- On September 17, 2020
Tackling Education Inequities in the Time of COVID-19
Usually, September means that the children and youth in our community are packing up their backpacks for the start of a new school year. This fall, back to school – like so many other aspects of our lives – will look a bit different as we continue to deal with the COVID-19 pandemic.
In August, Mayor Martin J. Walsh announced that Boston Public Schools will begin the school year on September 21 st with remote learning. This decision was made to preserve the safety of students, teachers and staff, but it also creates very real challenges for families. Many working parents and caretakers, especially those in the service industry, can’t work from home and provide one-on-one academic support to their children during and after school hours.
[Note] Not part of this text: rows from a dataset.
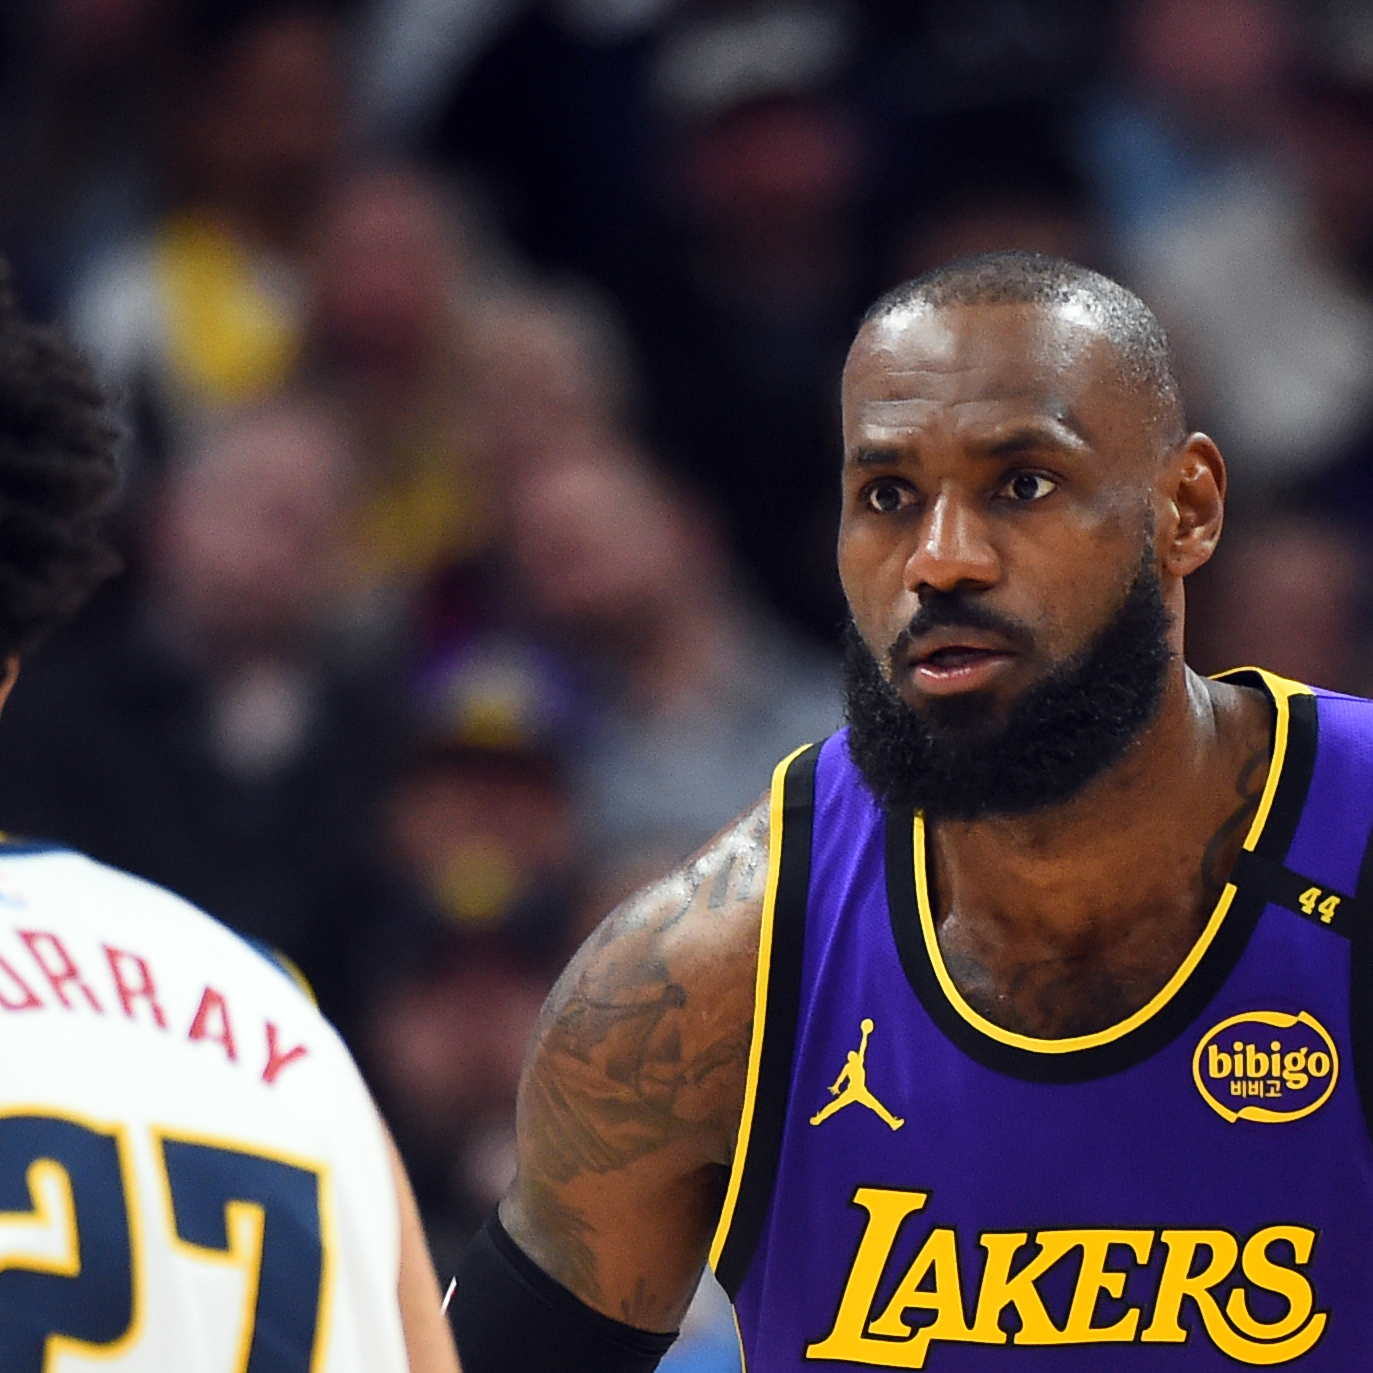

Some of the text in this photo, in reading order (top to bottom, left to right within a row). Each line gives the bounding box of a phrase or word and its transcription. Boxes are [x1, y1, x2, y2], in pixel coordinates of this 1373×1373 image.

[1298, 886, 1341, 924] 44
[1208, 1041, 1330, 1089] bibigo
[1230, 1080, 1283, 1098] 비비고
[805, 1186, 1327, 1367] LAKERS
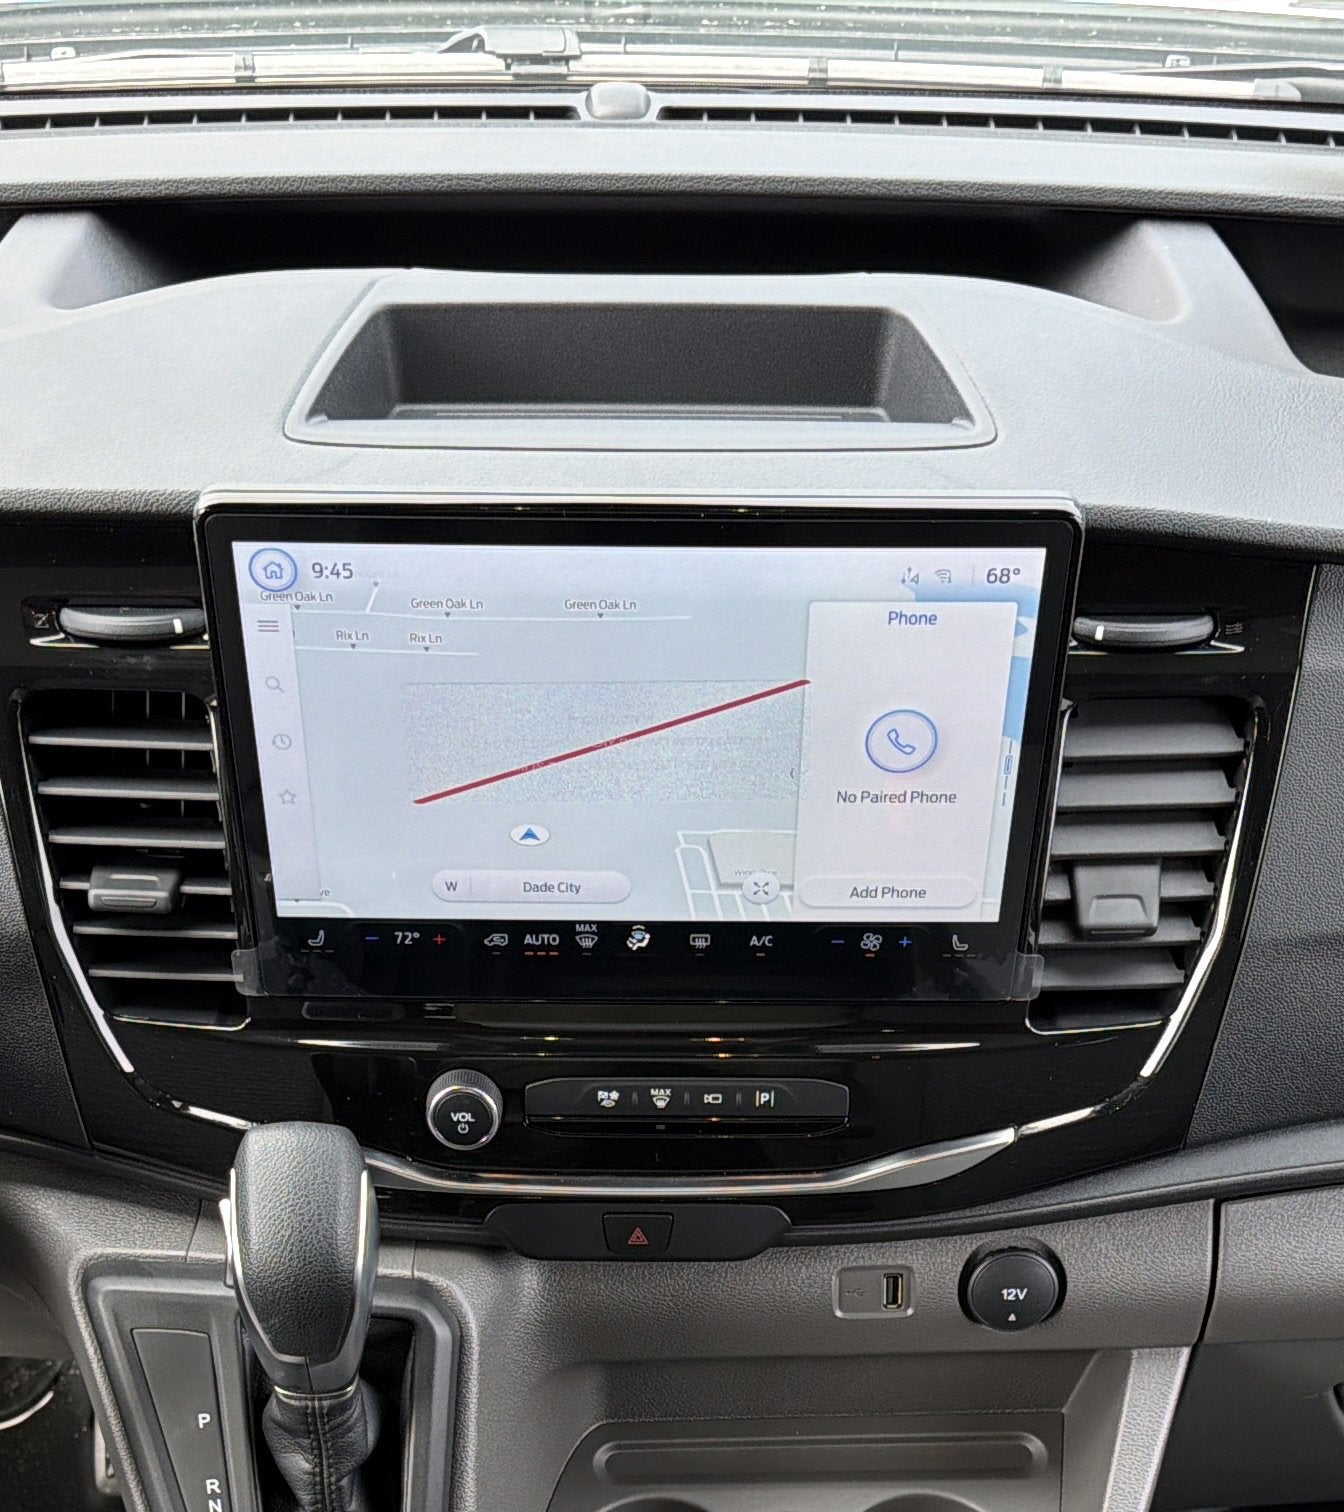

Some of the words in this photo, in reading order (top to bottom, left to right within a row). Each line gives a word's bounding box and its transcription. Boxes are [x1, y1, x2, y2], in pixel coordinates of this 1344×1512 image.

To address this challenge and promote equitable learning among low-income residents, IBA is working to develop supportive community learning pods for children who live in our affordable housing units. Community learning pods are small groups of 10-13 students organized together by age or grade level. Students meet with a teacher in a community setting to remotely follow their classroom lessons, engage in independent work, participate in joint enrichment activities, and learn together outside of the school building. These pods will provide academic and social-emotional support to students in a caring and safe environment, helping prevent learning deficits that could otherwise result from independent remote learning. Additionally, our creation of these pods will provide parents and caretakers peace of mind in knowing that their children’s learning will continue in a supervised manner, while also allowing them to continue working.
Creating these community learning pods comes with numerous spatial, programmatic, and logistical challenges that must be addressed within a short timeline. Initially, we must assess the needs of our community, hire and train certified staff, and find spaces for the learning pods in our community that fit physical distancing guidelines. Once we have the logistics established, we must create a curriculum, lessons, and activities that enrich learning and provide social-emotional support. At the same time – and perhaps most urgently – we must raise the funds necessary to provide our students and families with this crucial support system.
For years, IBA has partnered with other great community-based organizations to collaboratively serve low-income children in IBA’s Villa Victoria community and surrounding neighborhoods. However, this unprecedented moment in history requires new levels of innovation and collaboration. We believe that this is the time for us to step up, tap into our creativity and entrepreneurial spirit, and create opportunities for our children that are equitable and culturally appropriate. Now more than ever, we need Boston’s philanthropic community to join with us in addressing this enormous challenge and opportunity.
We are proud to be working to develop housing and learning opportunities for low-income households in Boston.